When did I choose hope?
My son unintentionally chose to come into this world 10 weeks early. Needless to say shock, fear, confusion flooded my mind and soul. It was too early, my wife was struggling, in pain, and bleeding. Ambulances filled our driveway. Lots of questions, doctors, nurses, medicine, etc…..It was fast, chaotic, fearful, tense, and much more.
For the first 48 plus hours so much happened, so much that could have gone wrong didn’t. But looking back I don’t think that it hit me that it was too soon, too early until I saw him the first time, in the NICU struggling to breathe. We were at a birthing center that had only a Level II NICU and I remember the nurse practitioner and Social Worker telling me all his issues, and their inability to have the sufficient level of care that he needed. They needed to transfer him.
That’s when it hit me for the first time; it’s possible that he might not live.
That’s when I chose to have HOPE. Hope that God would hear my prayers, save my son, give me courage and strength. Hope that my wife and I could get through this. Hope that my son would keep fighting. Hope that all my hopes about having a son wouldn’t end here. That it wouldn’t end now, not like this? I don’t know what I chose before that. I am a person that when adversity strikes, I find a way to get through it. Here I was in a place I had no control. There was absolutely nothing I could have done. But I could and I did have hope.

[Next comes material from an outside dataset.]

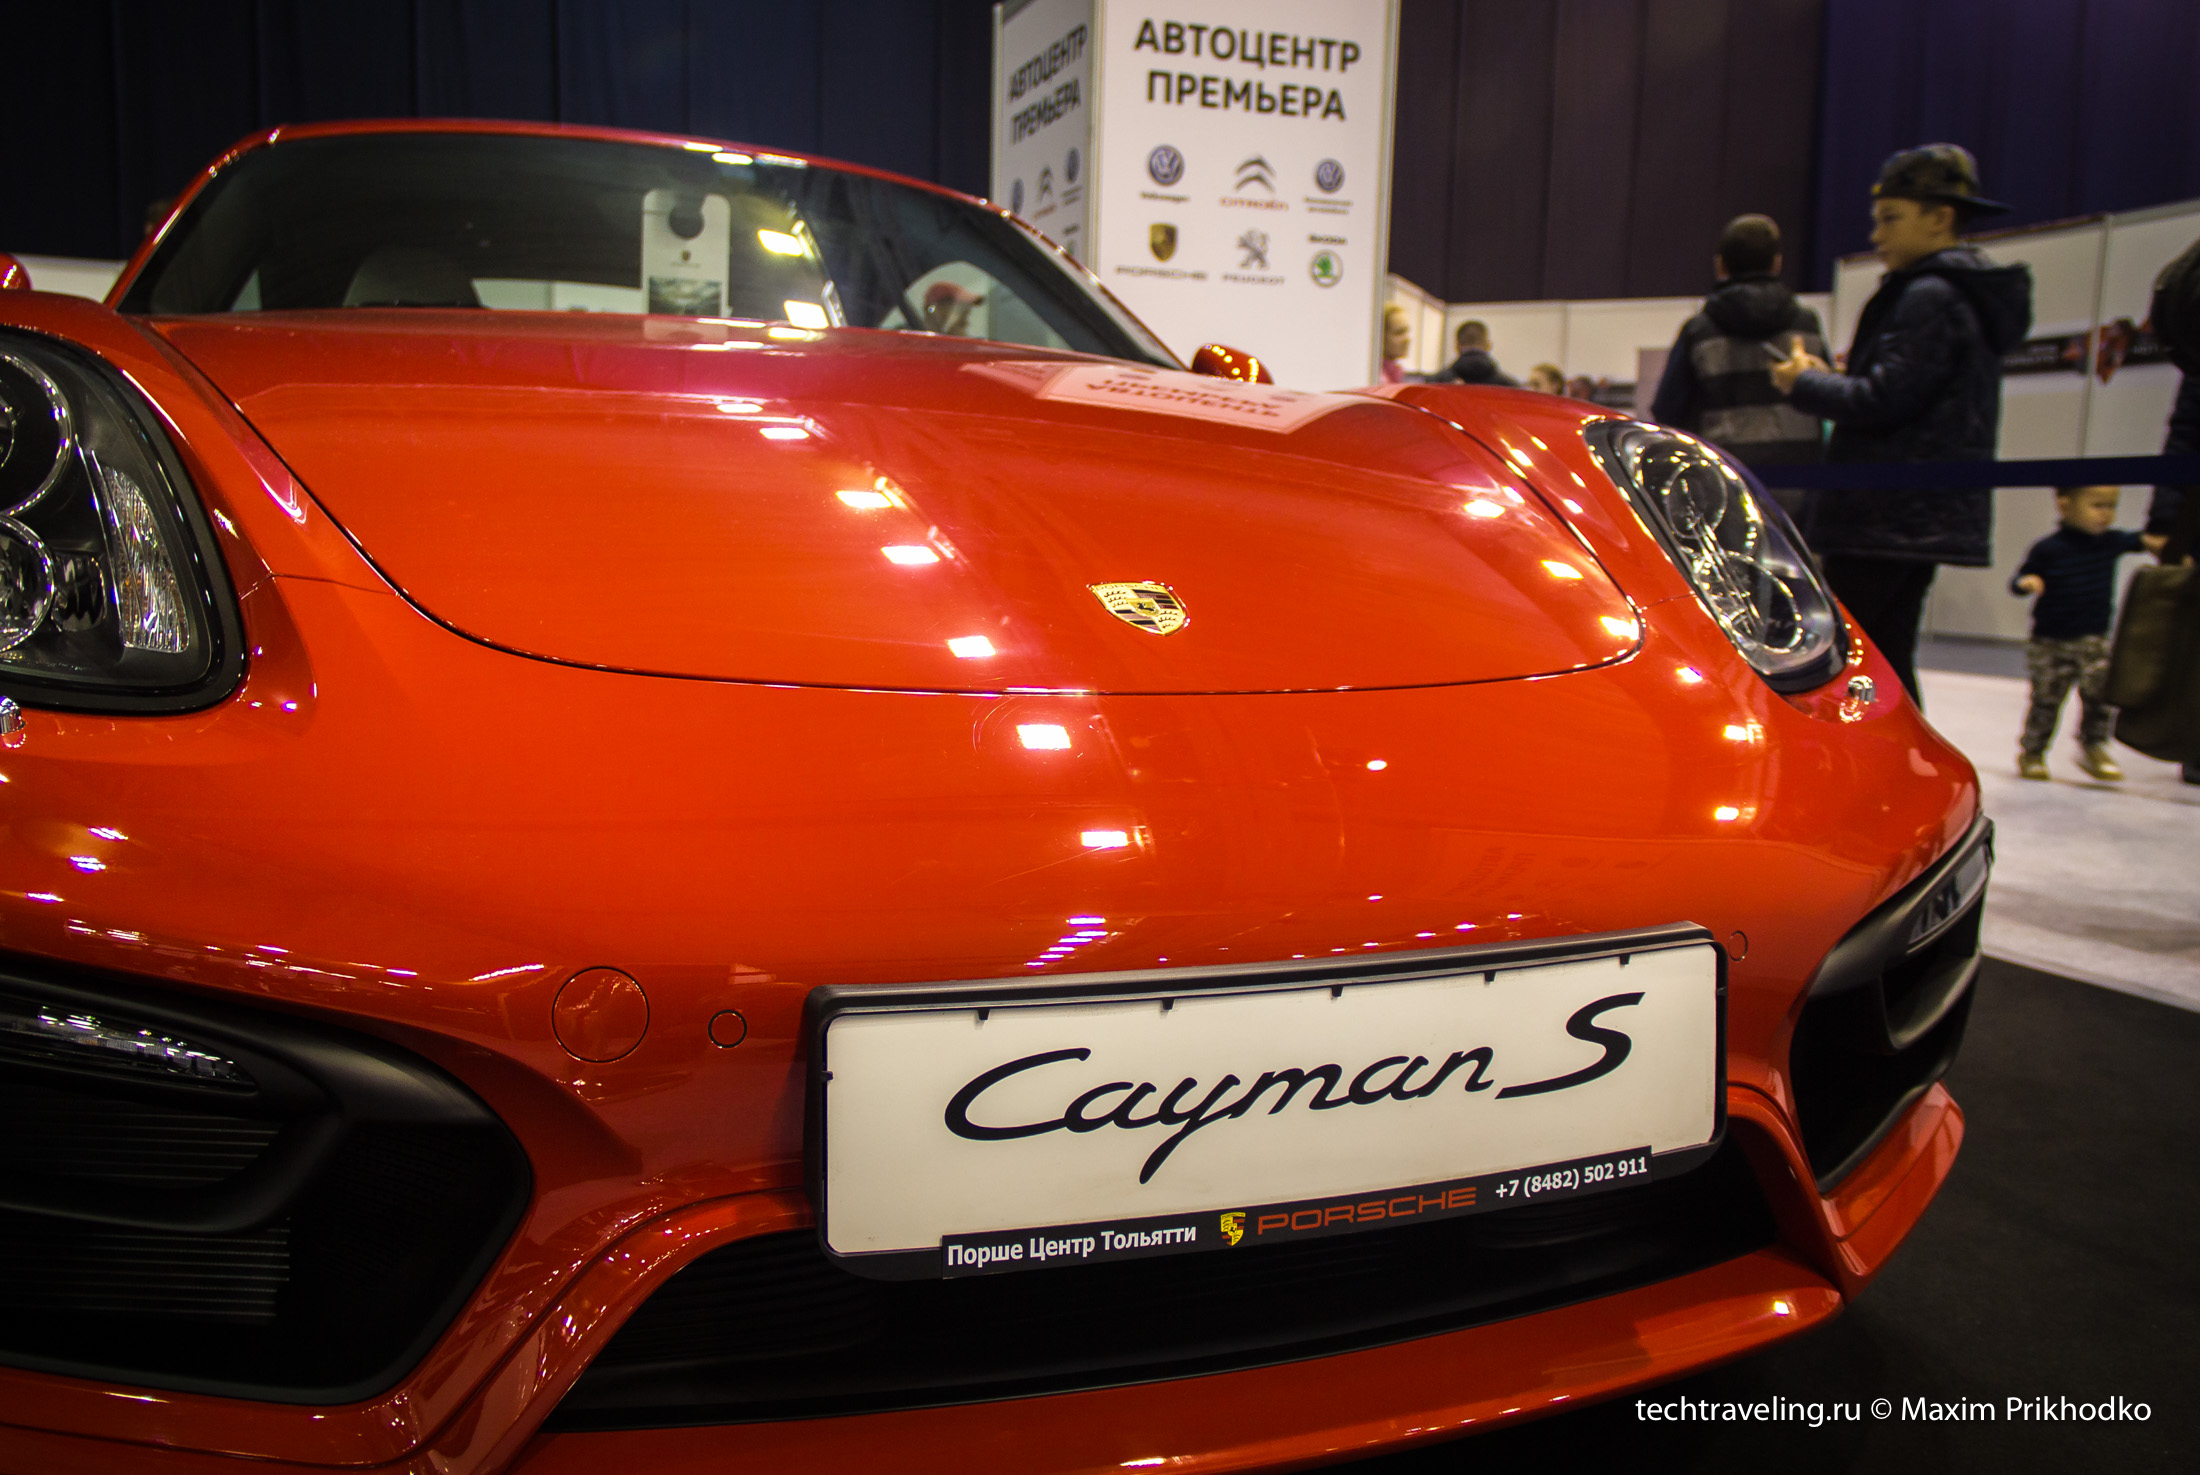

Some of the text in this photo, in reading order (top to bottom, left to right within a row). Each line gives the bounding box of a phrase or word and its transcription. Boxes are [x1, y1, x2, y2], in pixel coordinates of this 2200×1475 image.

I choose Hope, because when I look back, that is all I had. That’s the only thing I had any say in, whether or not I chose Hope. Hope is an amazing, mysterious thing and for whatever reason, my son made it. He is seven now. I still Hope, for different things for him now, but I still Hope. I know that for so many parents, they don’t get to know what it’s like to have their child graduate from the NICU. I would like to think that if that was me, somehow, someway I would still choose HOPE.